Not all deaths are as important
Disclaimer: this is quite a touchy subject and goes quite beyond an idea simply to be discussed to anyone who has actually lost anyone to a traffic-related incident. I realize this and want to make it abundantly clear that I don’t hold the opinion that anyone killed in any way is less tragic than if they were killed in any other way, in this case, on a bike, or in a car. With that said…
Time to stir the pot a bit.
How’s this for a premise: not all deaths are as important as others. More specifically, the death of someone riding a bike is more shocking, more dismaying, more unnecessary, more saddening, more worthy of a vigil than that of the death of someone driving a car.
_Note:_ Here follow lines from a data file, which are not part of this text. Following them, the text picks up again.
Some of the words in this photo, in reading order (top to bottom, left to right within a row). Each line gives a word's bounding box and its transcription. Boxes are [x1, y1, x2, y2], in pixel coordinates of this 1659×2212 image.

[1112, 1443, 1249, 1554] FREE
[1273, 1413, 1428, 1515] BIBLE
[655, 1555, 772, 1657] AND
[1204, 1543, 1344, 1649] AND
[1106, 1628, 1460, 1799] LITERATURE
How does that sound? Like complete bollocks or like I’m on to something? This idea struck me last week when reading about another community getting together to draw attention to another unnecessary death of a cyclist. Here’s the thing though, any death is unnecessary. It is quite a shame any time a person cycling gets killed by a person driving a car, and it really shouldn’t happen at all, ever. However, it’s quite the same if anyone is killed in any way that isn’t deemed justifiable by the community affected by it (and whether that could ever be the case is another big question of the ages).
Now, it may simply be the case that I am tuned to hear news of the cycling variety and that in reality there is outcry among the motoring community every time a person driving a car is killed. If that’s the case, then I have none here. However, I struggle to imagine that this is so. Even when there is, as happens all the time, a higher death toll on the roads over a particular holiday period and the media reports on “X number of deaths on the road this past weekend”, it pretty much ends there. We move on. Yes, it is tragic, and sad, and most definitely unnecessary, and we would all attest to that, but it doesn’t really affect us. We resume doing whatever mundane task we were doing, or change the channel to something more entertaining.
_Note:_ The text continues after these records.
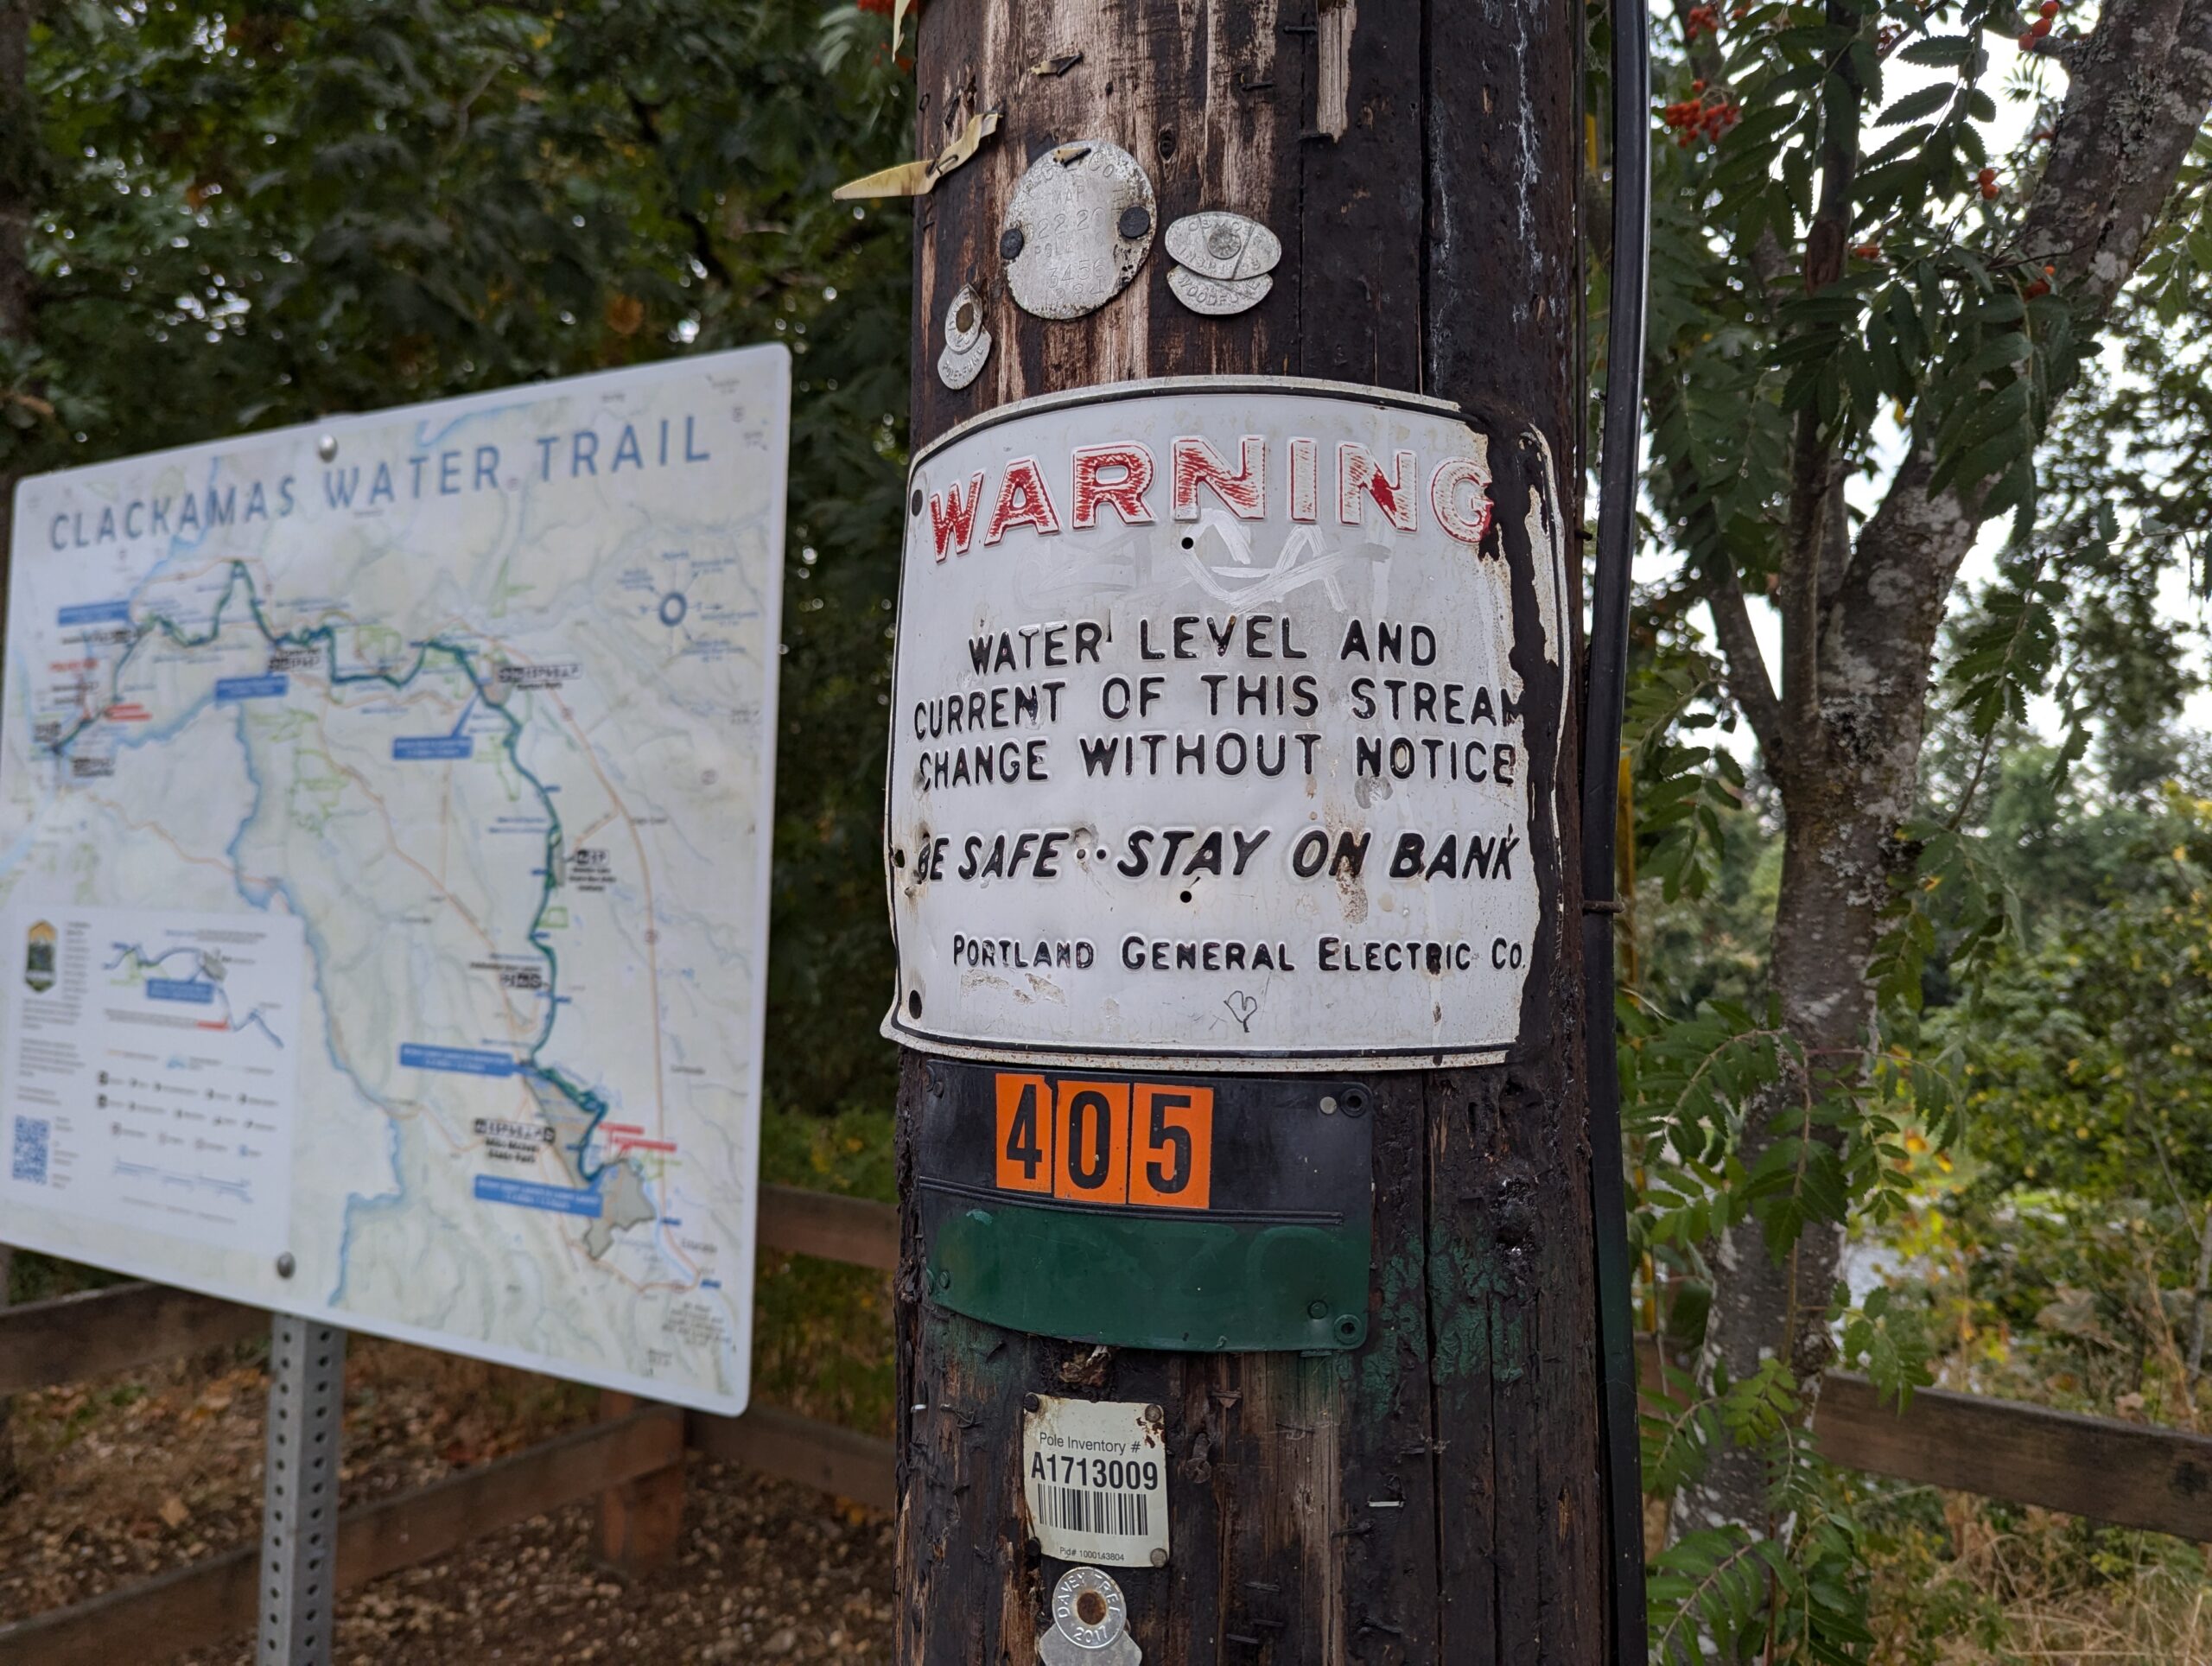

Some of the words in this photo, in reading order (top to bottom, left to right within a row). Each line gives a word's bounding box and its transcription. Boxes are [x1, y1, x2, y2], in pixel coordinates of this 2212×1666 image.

[50, 475, 296, 553] CLACKAMAS
[323, 445, 503, 510] WATER
[534, 413, 713, 482] TRAIL
[929, 436, 1496, 563] WARNING
[968, 624, 1102, 676] WATER
[1140, 615, 1307, 660] LEVEL
[1341, 619, 1438, 667] AND
[914, 681, 1068, 740] CURRENT
[1102, 677, 1164, 720] OF
[1200, 675, 1319, 718] THIS
[919, 739, 1049, 790] CHANGE
[1079, 732, 1322, 777] WITHOUT
[1357, 737, 1516, 784] NOTICE
[957, 831, 1071, 879] SAFE
[1117, 829, 1271, 877] STAY
[1293, 831, 1371, 877] ON
[1389, 834, 1520, 881] BANK
[1006, 1084, 1192, 1194] 405
[1031, 1451, 1159, 1491] A1713009
[1039, 1431, 1065, 1447] Pole
[1068, 1435, 1126, 1456] Inventory
[1131, 1440, 1141, 1453] #
[1072, 1625, 1108, 1643] 2017
Is it that we accept the risks of driving a car? With people getting killed all the time in cars, has it just become normal? People certainly acclimatize to things that are common, by and large, so, maybe? That would be a little sick, but could it be true?
Now and then someone will point out that cycling is actually rather safe, and there really aren’t a huge number of people who get killed riding a bike each year. In Australia, in 2014, there were 1,156 deaths on the roads, and 45 of those were cyclists. “That’s too many”, is always the response, and that’s quite right (the percentage of cyclists killed is higher than motorists when you consider the mode share). One is too many, but why isn’t 1,111 too many people being killed in cars?
The public outcry is even worse when a pedestrian gets killed by a cyclist, where that number is either 0 each year, or maybe one, now and then.
While I am certainly not saying that we shouldn’t get upset about people being killed while on their bikes – of course we should – why would it be the case that it’s more terrible than people dying in cars? Why is the cycling community more upset about this than the motoring community is?
What might the reasons be? Here are a few possibilities:
Vulnerability. Easily the most prominent element in this situation. Possibly the only one that matters. Motorists have a million times more protection (rough estimate) than cyclists, so it seems pretty obvious that more care needs to be taken when driving a vehicle around them. When this care is not taken, we get upset, and quite rightly. You would feel pretty comfortable playing a little rough with an adult, but you would exercise more care when doing so with a child, or not at all, depending on age/size, and that seems like something that you should just know and accept without having to be told or made to do. It’s the same with vulnerable road users, so when that caution is not taken and the result is someone being killed or injured, cyclists get upset. Makes perfect sense.
Denied Rights? Is there an element of this ever-present threat from cars that contributes to the feeling that cyclists are not wanted on the roads? That we are not welcome? That we are not free to exercise our right to be there?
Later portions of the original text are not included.